Zusammenfassung: Geräteschuppen selber bauen

  • Mit etwas Geschick und Know-how lässt sich ein stabiles Gerätehaus in 4 bis 5 Tagen bauen.

  • Welche Bedingungen für den Bau eines Geräteschuppens ohne Baugenehmigung erfüllt werden müssen, unterscheidet sich von Bundesland zu Bundesland. Dabei sind die im Bundesland festgelegten Größen, Zwecke und die erlaubten Baugrenzen einzuhalten. Im Fall einer Grenzbebauung darf in den meisten Bundesländern ein Gartenschuppen maximal 3 Meter hoch und 9 Meter lang sein.
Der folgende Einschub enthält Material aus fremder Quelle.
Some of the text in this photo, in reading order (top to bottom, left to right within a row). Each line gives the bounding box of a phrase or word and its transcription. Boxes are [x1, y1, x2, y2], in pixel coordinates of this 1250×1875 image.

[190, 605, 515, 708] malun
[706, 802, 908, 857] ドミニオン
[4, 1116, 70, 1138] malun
  • Als Standort wählen Sie am besten eine ebene Grundfläche mit einem Boden, der nicht zu feucht oder matschig ist. Der Bau sollte mit einer Schubkarre und schweren Geräten leicht zu erreichen sein.

  • Nadelhölzer wie Kiefer, Fichte oder Lärche eignen sich hervorragend, um einen Geräteschuppen selber zu bauen. Bodenbalken aus Leimholz sind ebenfalls eine gute Wahl. Bauen Sie nur mit vorimprägniertem Holz und pflegen Sie es regelmäßig mit einer Lasur.
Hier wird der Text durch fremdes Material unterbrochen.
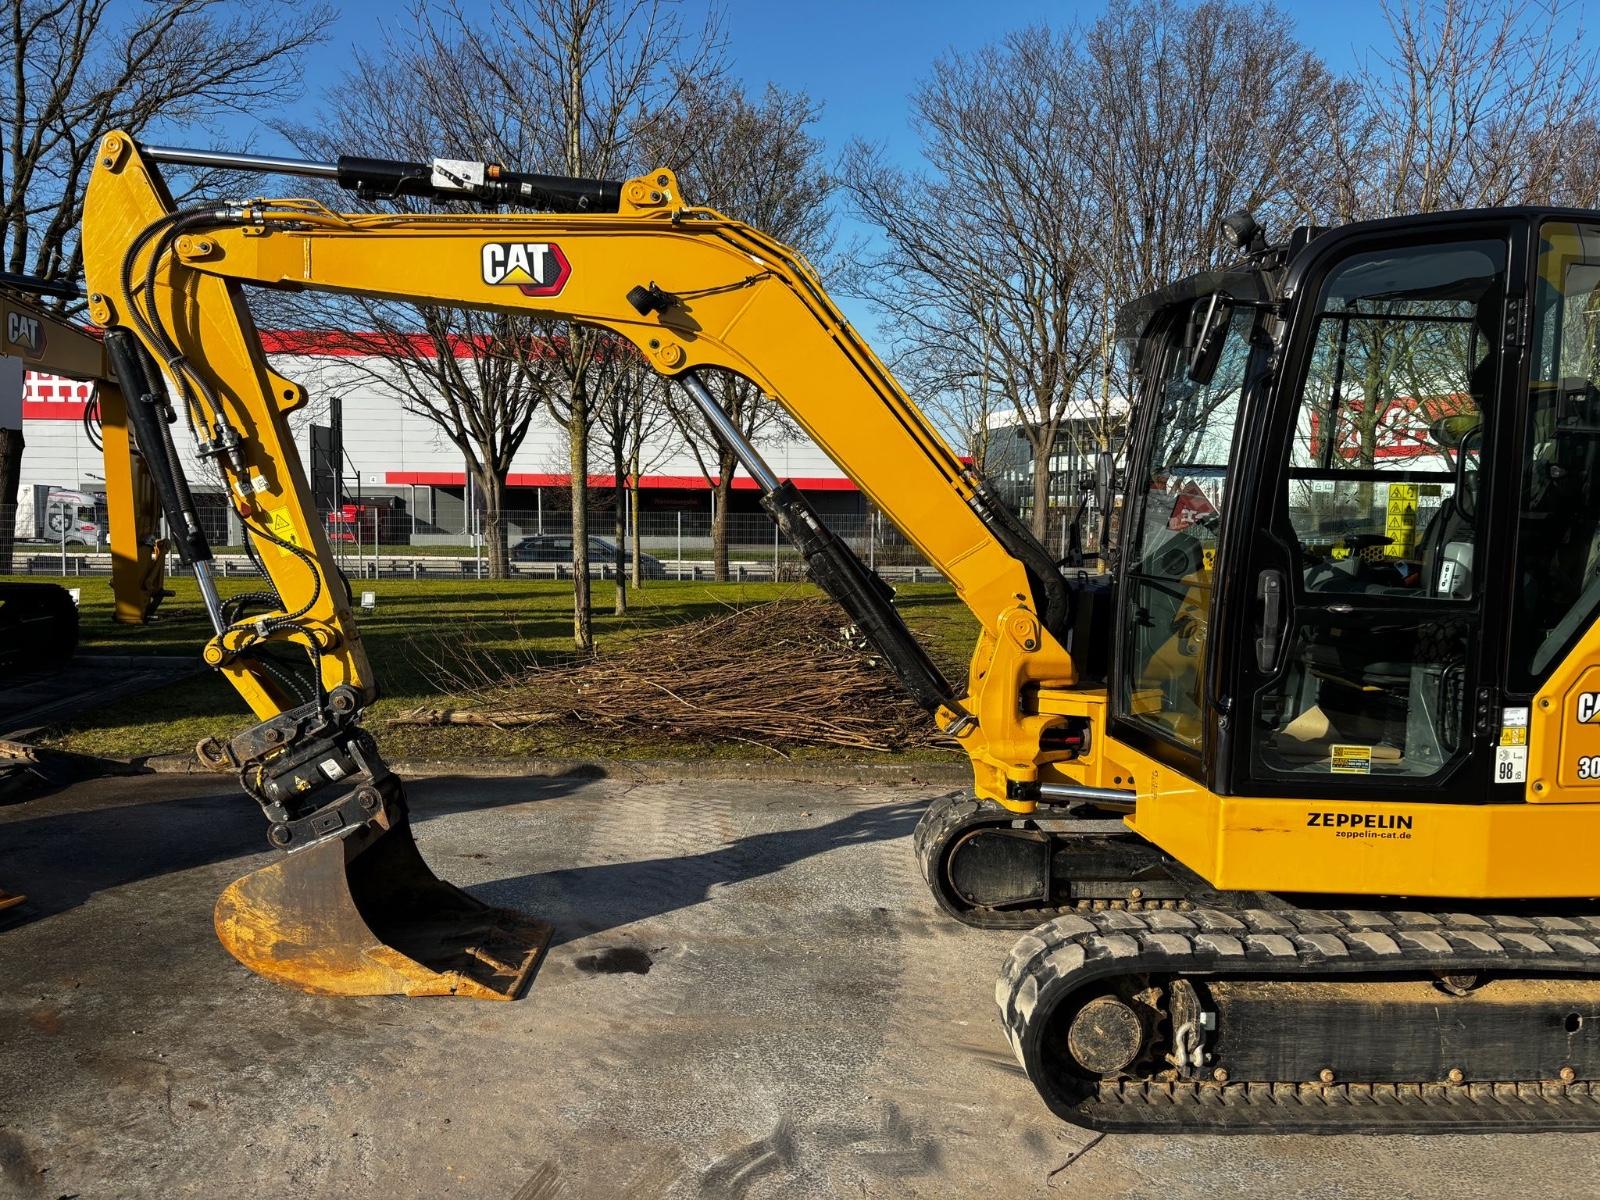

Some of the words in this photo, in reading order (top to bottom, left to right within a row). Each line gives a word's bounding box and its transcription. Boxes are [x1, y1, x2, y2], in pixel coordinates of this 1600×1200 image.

[483, 243, 549, 284] CAT
[8, 312, 38, 349] CAT
[1499, 762, 1513, 779] 98
[1307, 813, 1412, 829] ZEPPELIN
[1335, 830, 1412, 839] zeppelin-cat.de
  • Als Erstes das Punktfundament aus Beton, Holzbalken und Splitt verlegen. Darauf die Bodendielen mit Nut-Feder-Verbindung verlegen und festschrauben.

  • Zum Ablängen der Dielen einen Gehölzschneider verwenden. Für massive Balken eignet sich eine leistungsstarke Motorsäge.

  • Tragen Sie beim Arbeiten mit einer Motorsäge und einem Gehölzschneider immer Ihre persönliche Schutzausrüstung gemäß der Bedienungsanleitung.

  • Die Wände vormontieren und anschließend als Ganzes aufstellen und miteinander verschrauben. Dafür Ständerrahmen bauen und ihn mit OSB-Platten bedecken. Danach Tür einbauen.

  • Einkerbungen in Dachsparren einsägen und ausstemmen und sie mit Stützpfosten verschrauben. Die Zwischenräume mit Leisten ausfüllen und mit OSB-Platte bedecken.

  • Wände mit senkrechten Profilbrettern mit Nut-Feder-Verbindung verkleiden.

  • Dachkante montieren und Dachbegrünung vorbereiten.

  • Mit geeigneten Pflanzen, wie zum Beispiel dem Rotmoos Mauerpfeffer oder dem Schneeteppichsedum bepflanzen.

  • Dachrinne und Fallrohr anbringen.